Records for the exercise »
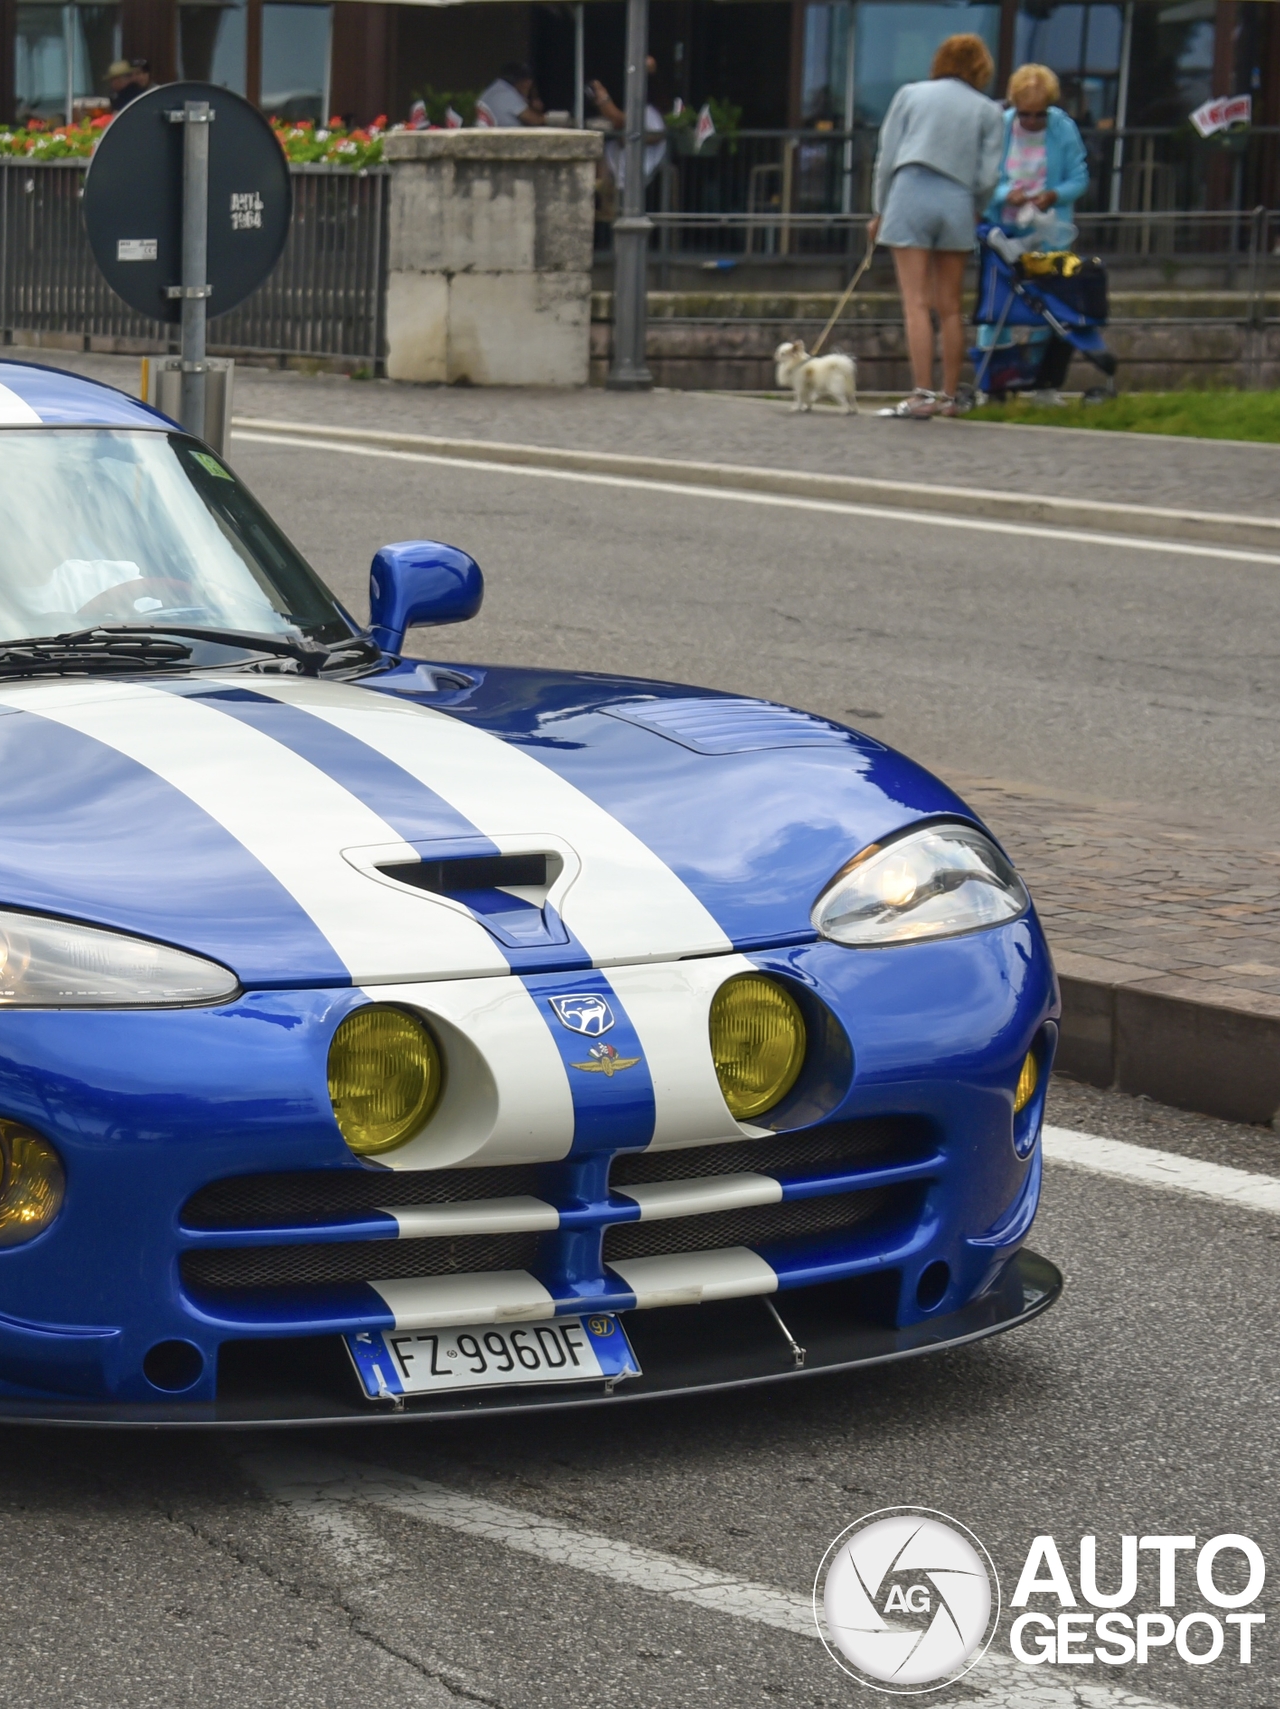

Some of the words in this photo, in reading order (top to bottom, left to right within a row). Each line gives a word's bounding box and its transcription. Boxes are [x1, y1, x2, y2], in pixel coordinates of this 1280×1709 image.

[591, 1318, 609, 1334] 97
[389, 1334, 453, 1378] FZ
[456, 1323, 585, 1374] 996DF
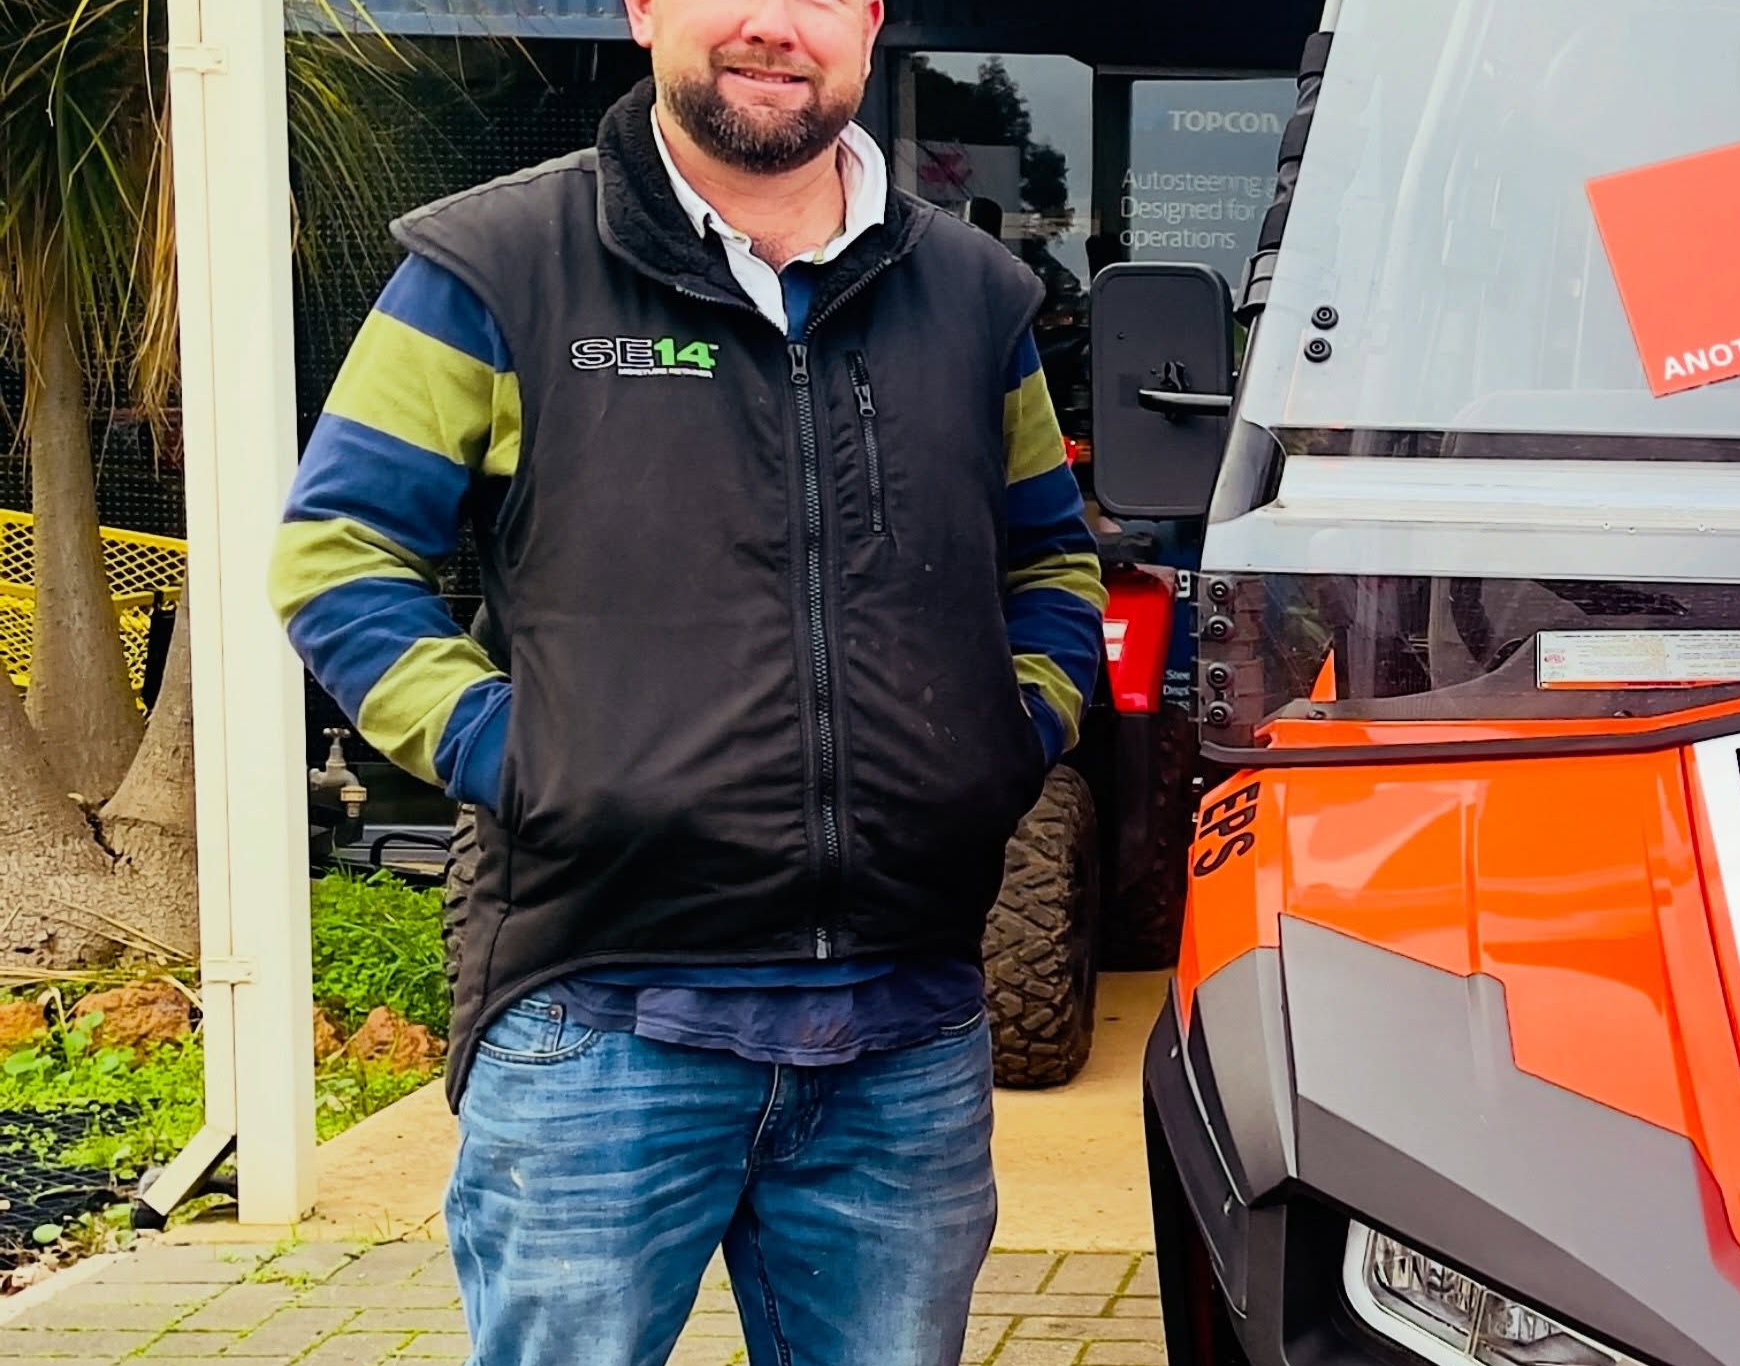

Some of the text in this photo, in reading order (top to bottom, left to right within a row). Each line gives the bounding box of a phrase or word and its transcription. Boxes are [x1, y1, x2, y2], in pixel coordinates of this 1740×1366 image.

[1121, 169, 1262, 198] Autosteering
[1120, 196, 1257, 225] Designed for
[1192, 781, 1262, 878] EPS
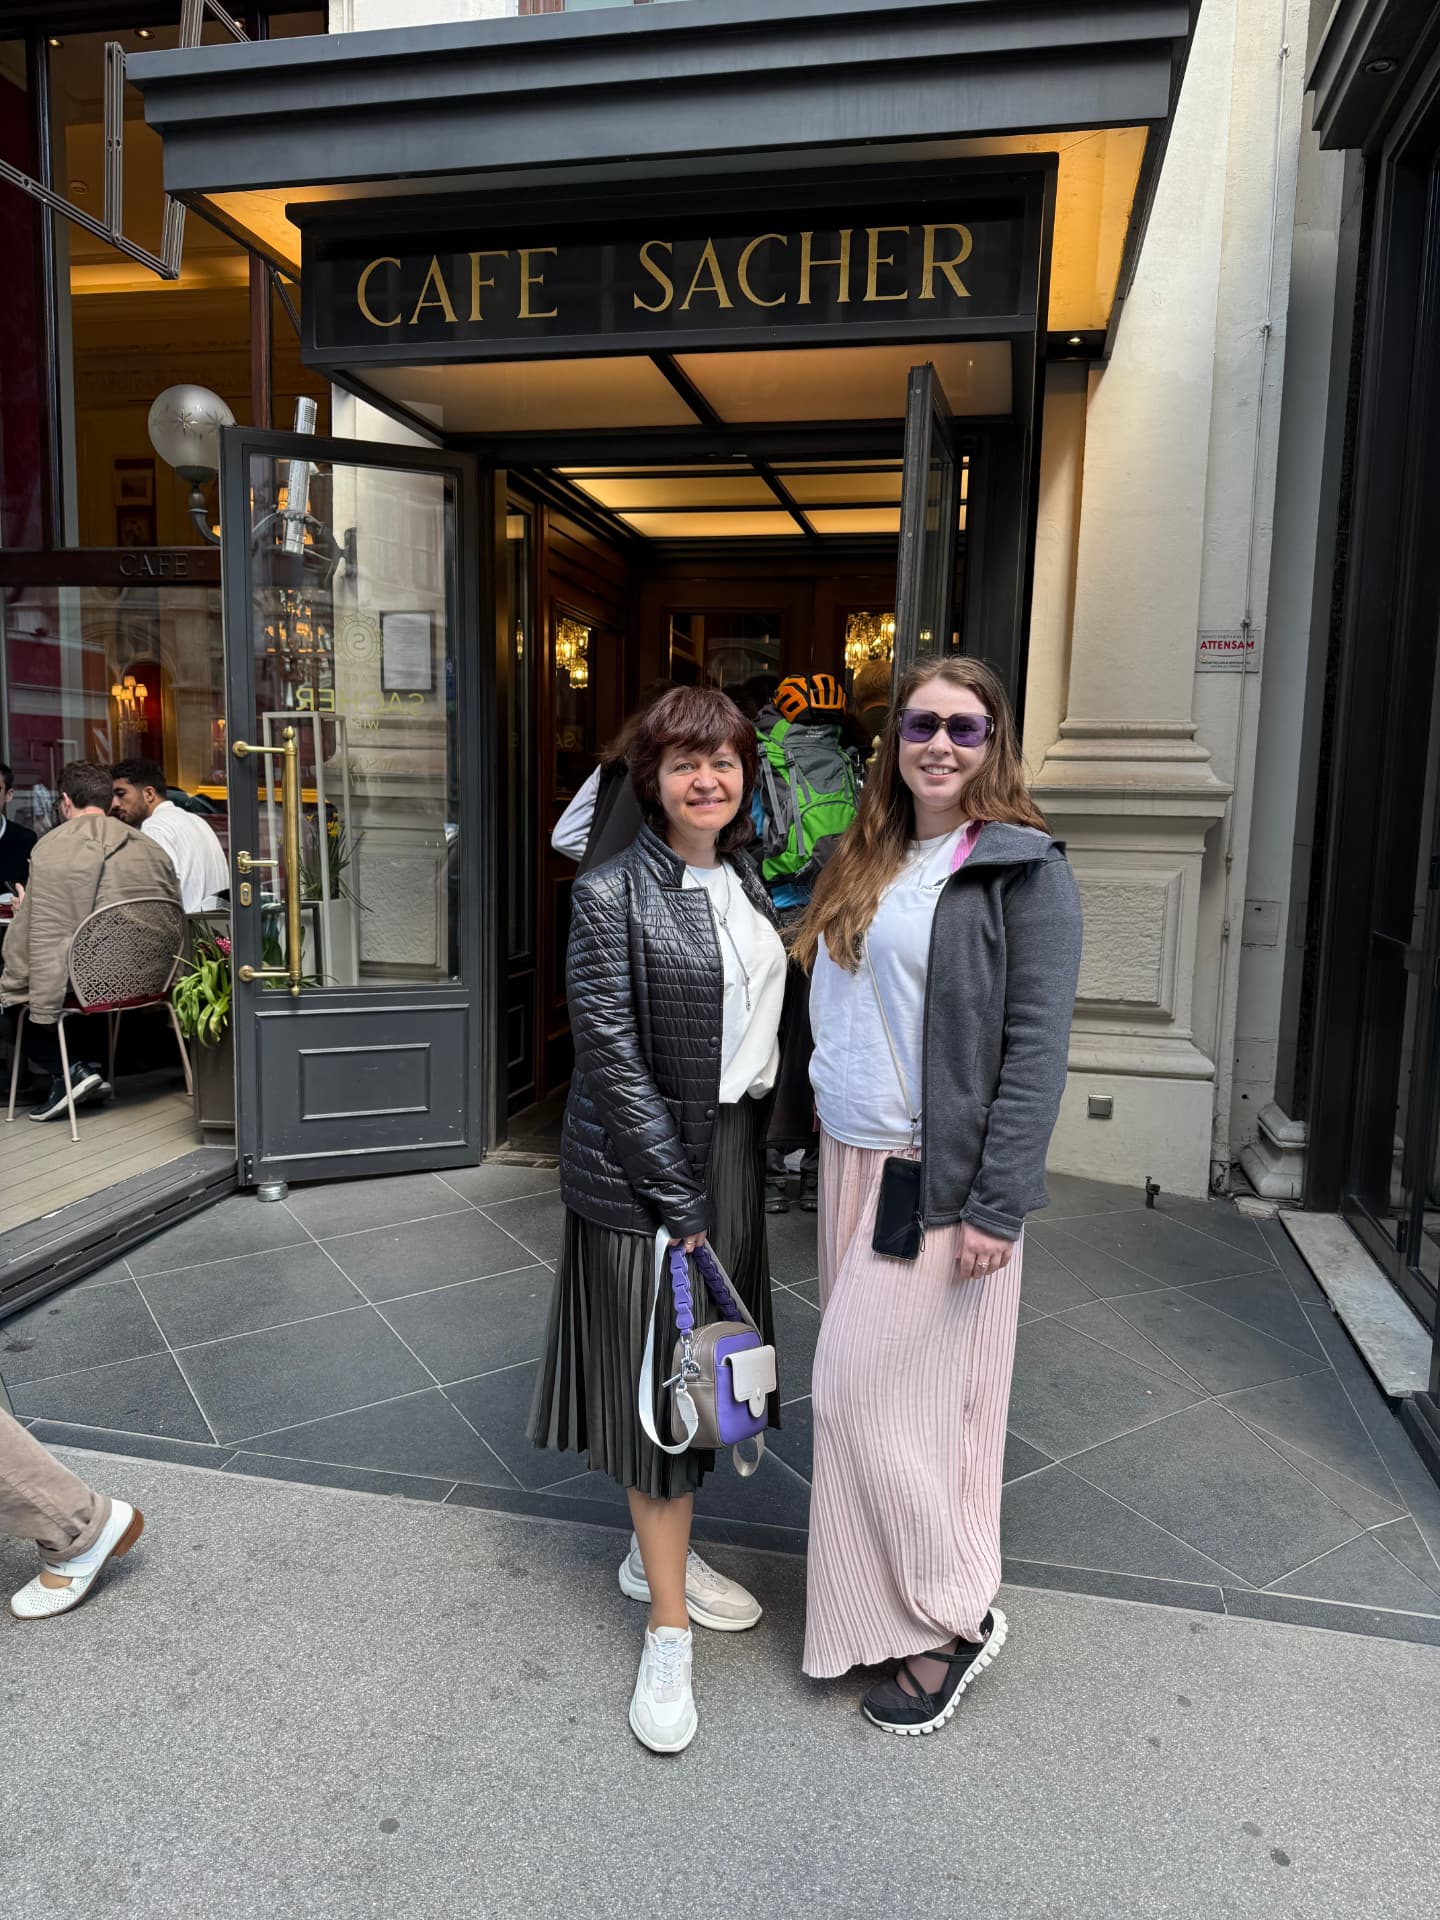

Work required »
Could you copy the data above exactly, leaving the pictures out?

Your solution »
Some of the words in this photo, in reading order (top to bottom, left to right within a row). Each line gives a word's bounding box and its transcription. Boxes are [x1, y1, x2, y2], in pixel coordinates of this 1280×1709 image.

[591, 1318, 609, 1334] 97
[389, 1334, 453, 1378] FZ
[456, 1323, 585, 1374] 996DF

Some of the text in this photo, in reading order (top to bottom, left to right within a row). Each line gives the bounding box of a phrase or word and its transcription. Boxes are [x1, y1, x2, y2], in pixel coordinates of this 1740×1366 image.

[1121, 169, 1262, 198] Autosteering
[1120, 196, 1257, 225] Designed for
[1192, 781, 1262, 878] EPS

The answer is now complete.